2009年09月13日

最近の読書本 0909-2『赤い指』

久しぶりに東野さんの文庫新刊が出ていたので。
東野作品でおなじみの刑事加賀恭一郎シリーズ。

嫁と姑は仲が悪かったが、独り身になった上、足が不自由になった母を見て主人公は母との同居を決意する。

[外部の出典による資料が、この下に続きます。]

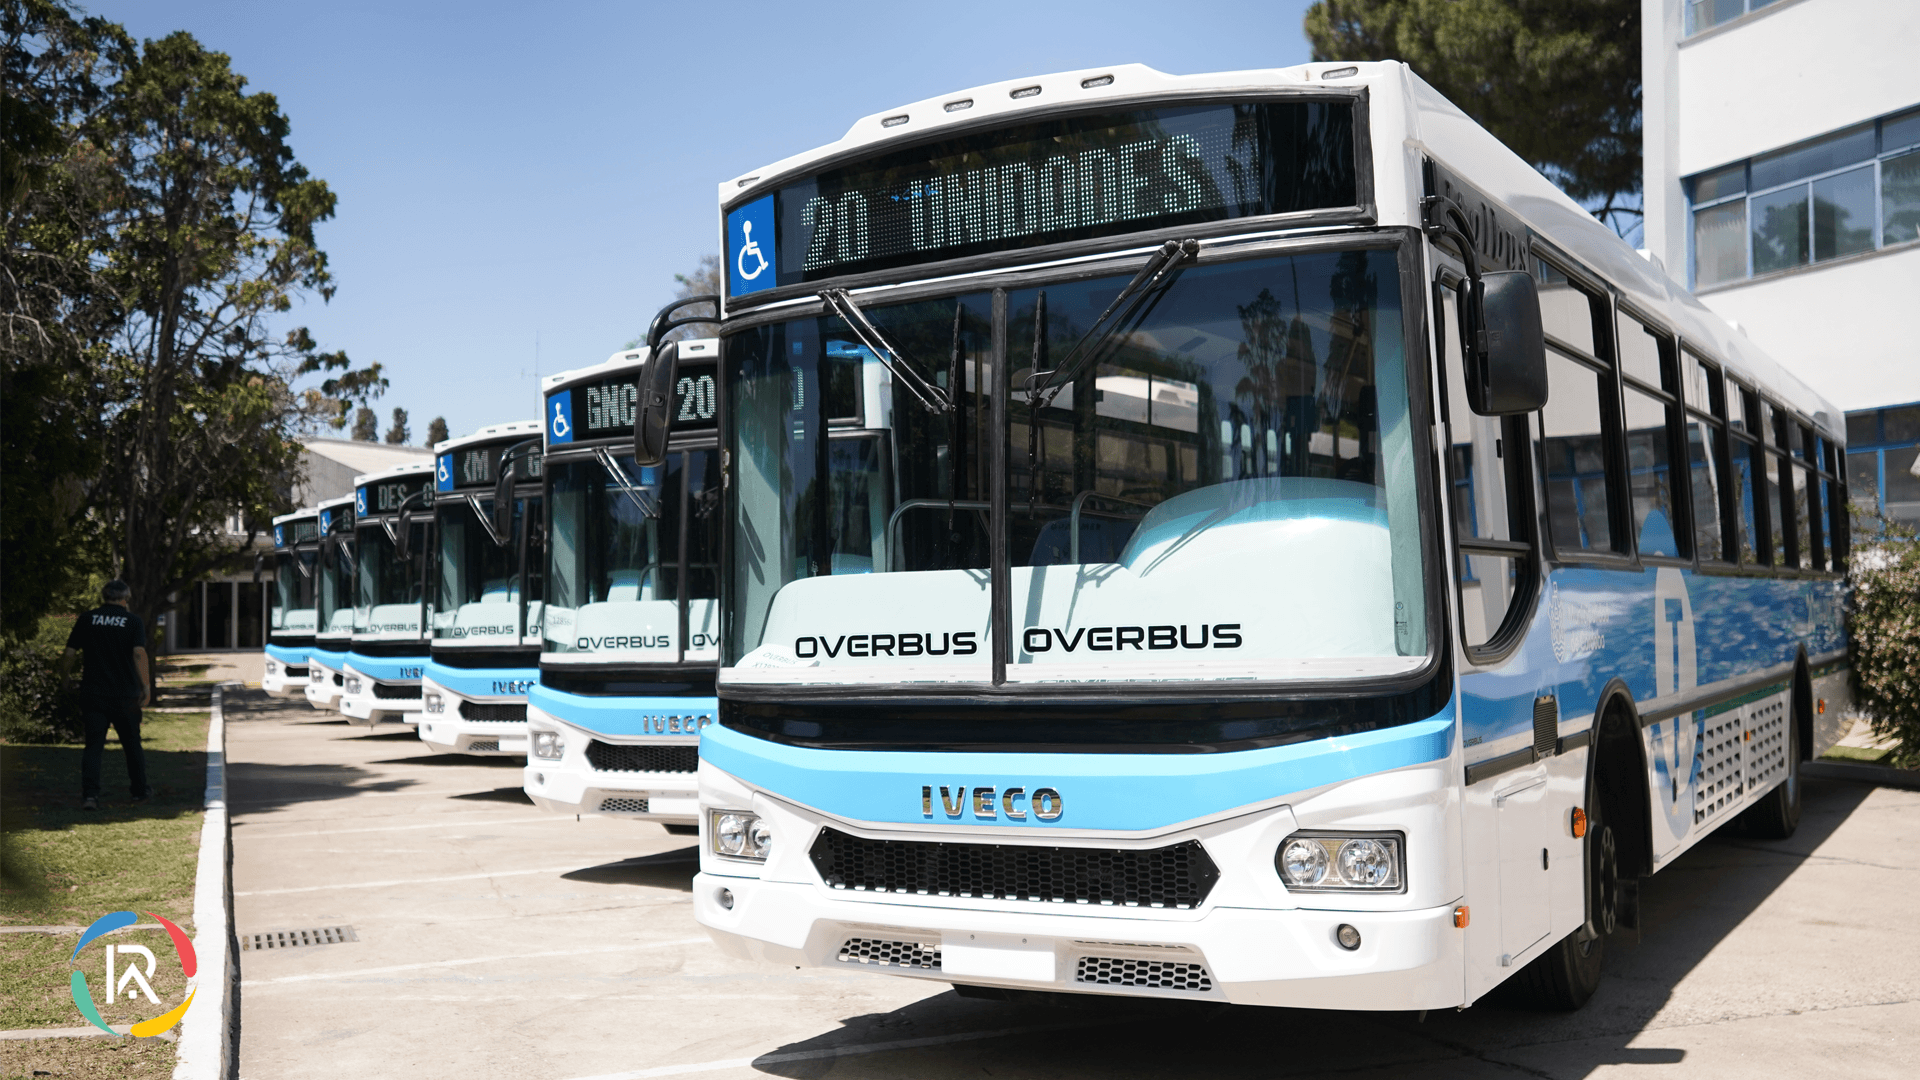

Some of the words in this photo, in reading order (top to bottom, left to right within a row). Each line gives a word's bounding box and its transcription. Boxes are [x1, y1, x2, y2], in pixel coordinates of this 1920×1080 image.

[800, 191, 868, 271] 20
[911, 134, 1202, 251] UNIDADES
[677, 376, 716, 421] 20
[92, 615, 128, 628] TAMSE
[370, 623, 418, 633] OVERBUS
[454, 625, 514, 636] OVERBUS
[577, 635, 670, 649] OVERBUS
[795, 632, 978, 659] OVERBUS
[1023, 624, 1243, 652] OVERBUS
[921, 785, 1064, 820] IVECO

当然嫁と母の関係は変わらず家には不穏な空気が漂い、そのせいかのちに母は痴呆となり、息子は学校でいじめに会い父との仲は希薄になっていった。

そんなある日息子が重大な事件を起こしてしまう。


仕事の忙しさもあって家庭のごたごたに背を向けていた主人公は突如の事に困惑するも、妻の言葉に押されて息子の犯した事件の隠蔽工作を目論む。


この事件捜査を担当した加賀とペアを組んだのは加賀の従弟であり、加賀と疎遠になっている実父の世話をみてくれている松宮。
この2人と父親の微妙な絡みも含め、家族とは?とりわけ親子とは?を問う小説でもあると思う。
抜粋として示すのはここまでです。